• [WHAT THIS TASK INVOLVES]
All of the records below need to be written out exactly, but without the pictures.

• [DATASET EXTRACT]
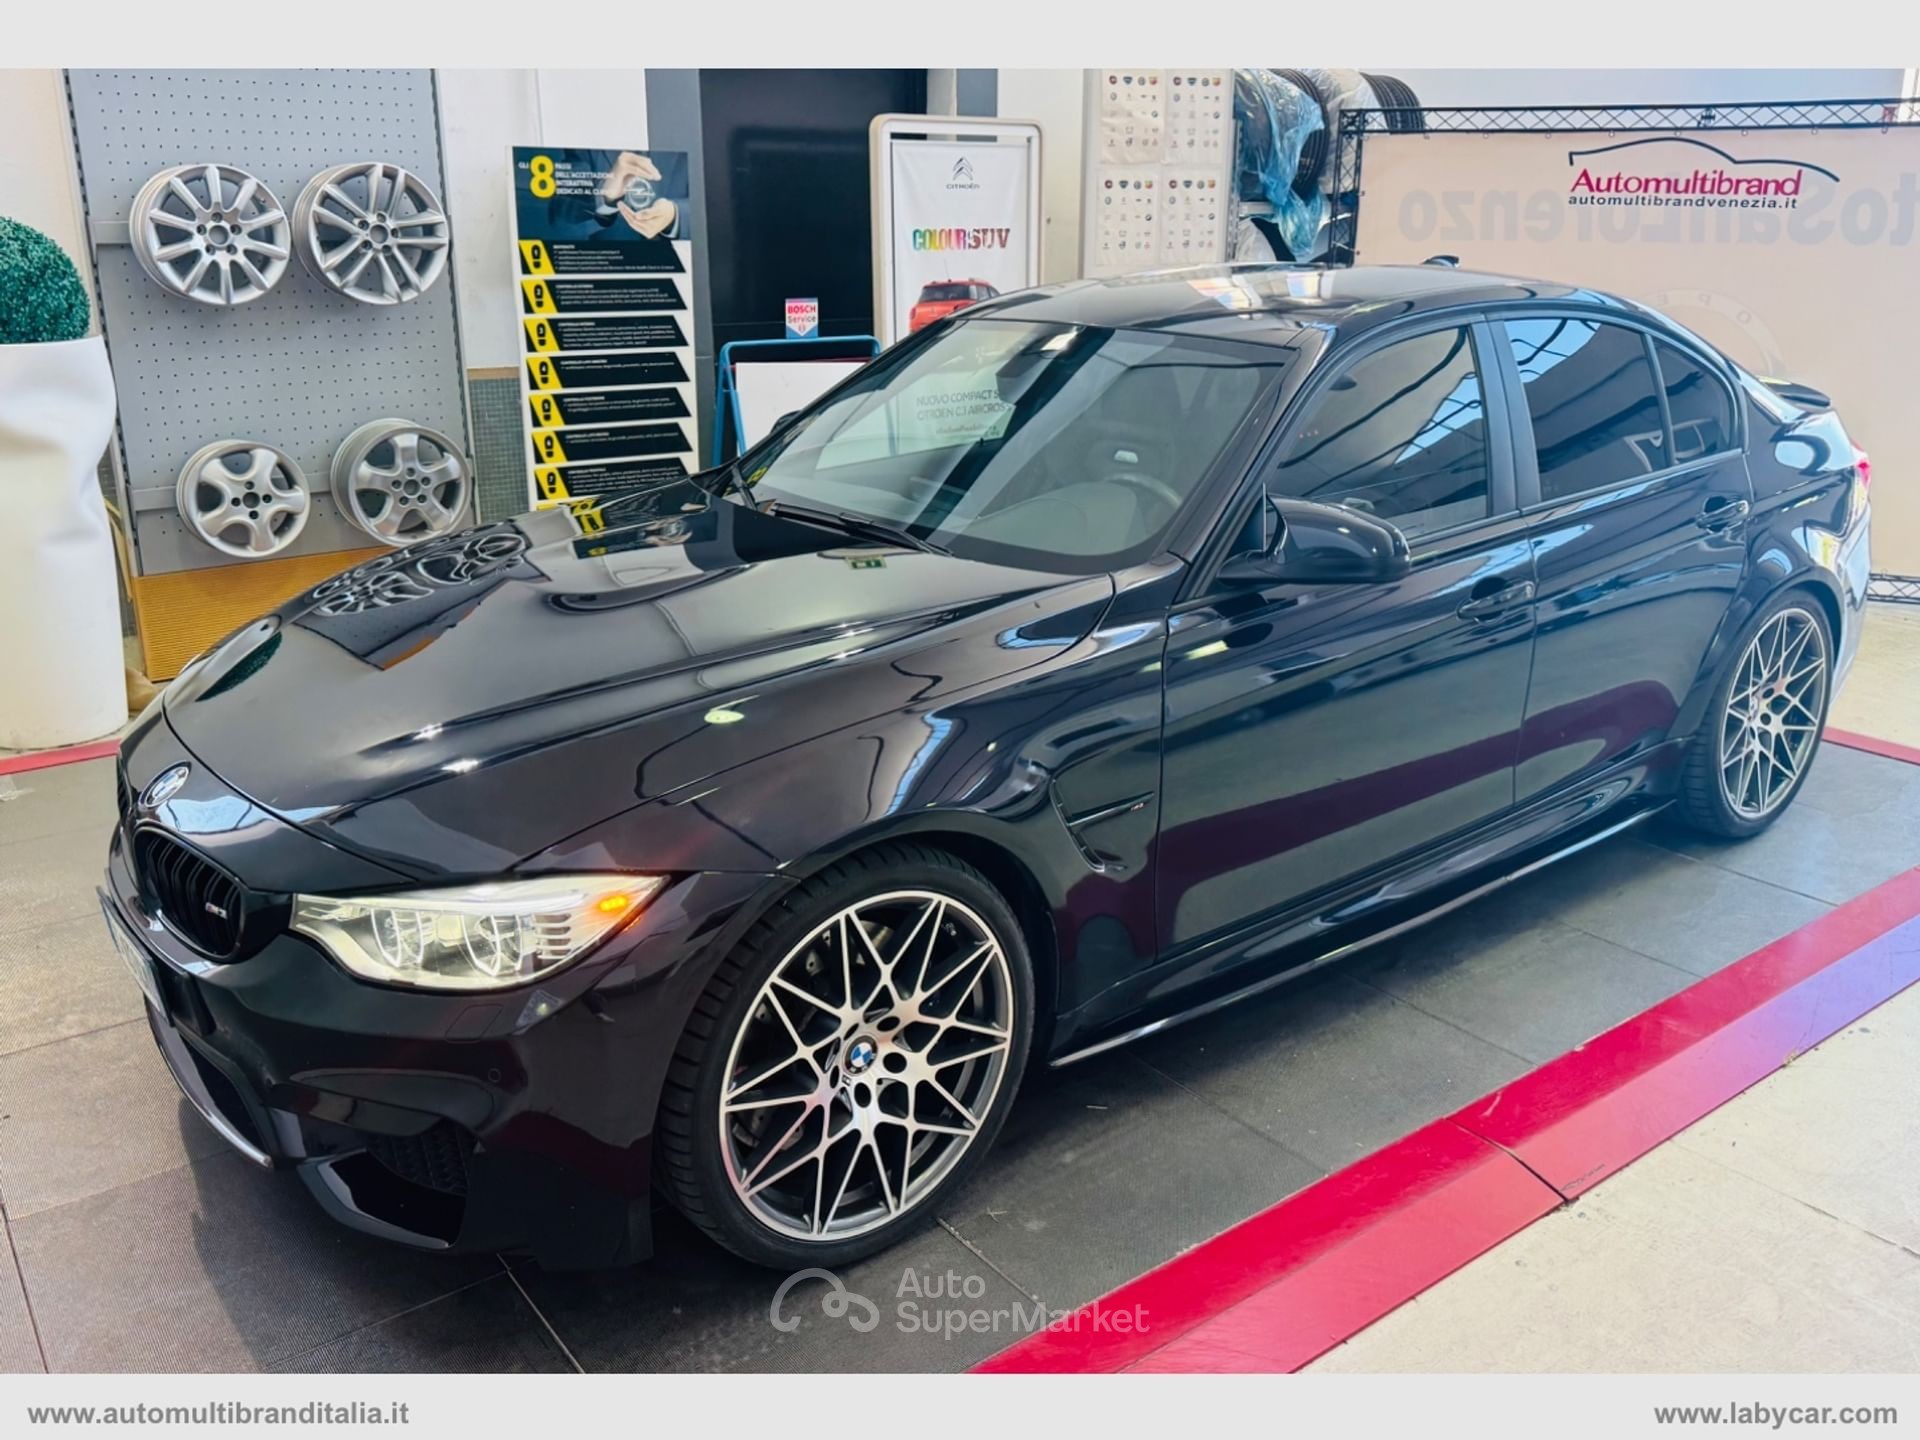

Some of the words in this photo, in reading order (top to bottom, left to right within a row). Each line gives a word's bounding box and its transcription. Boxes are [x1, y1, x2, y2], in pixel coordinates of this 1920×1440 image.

[530, 155, 556, 199] 8
[1570, 168, 1803, 196] Automultibrand
[1568, 195, 1798, 209] automultibrandvenezia.it
[787, 304, 816, 314] BOSCH
[787, 316, 816, 324] Service
[951, 389, 993, 403] COMPACT

• [ANSWER SPACE]
Some of the words in this photo, in reading order (top to bottom, left to right within a row). Each line gives a word's bounding box and its transcription. Boxes are [x1, y1, x2, y2], in pixel coordinates of this 1920×1440 image.

[530, 155, 556, 199] 8
[1570, 168, 1803, 196] Automultibrand
[1568, 195, 1798, 209] automultibrandvenezia.it
[787, 304, 816, 314] BOSCH
[787, 316, 816, 324] Service
[951, 389, 993, 403] COMPACT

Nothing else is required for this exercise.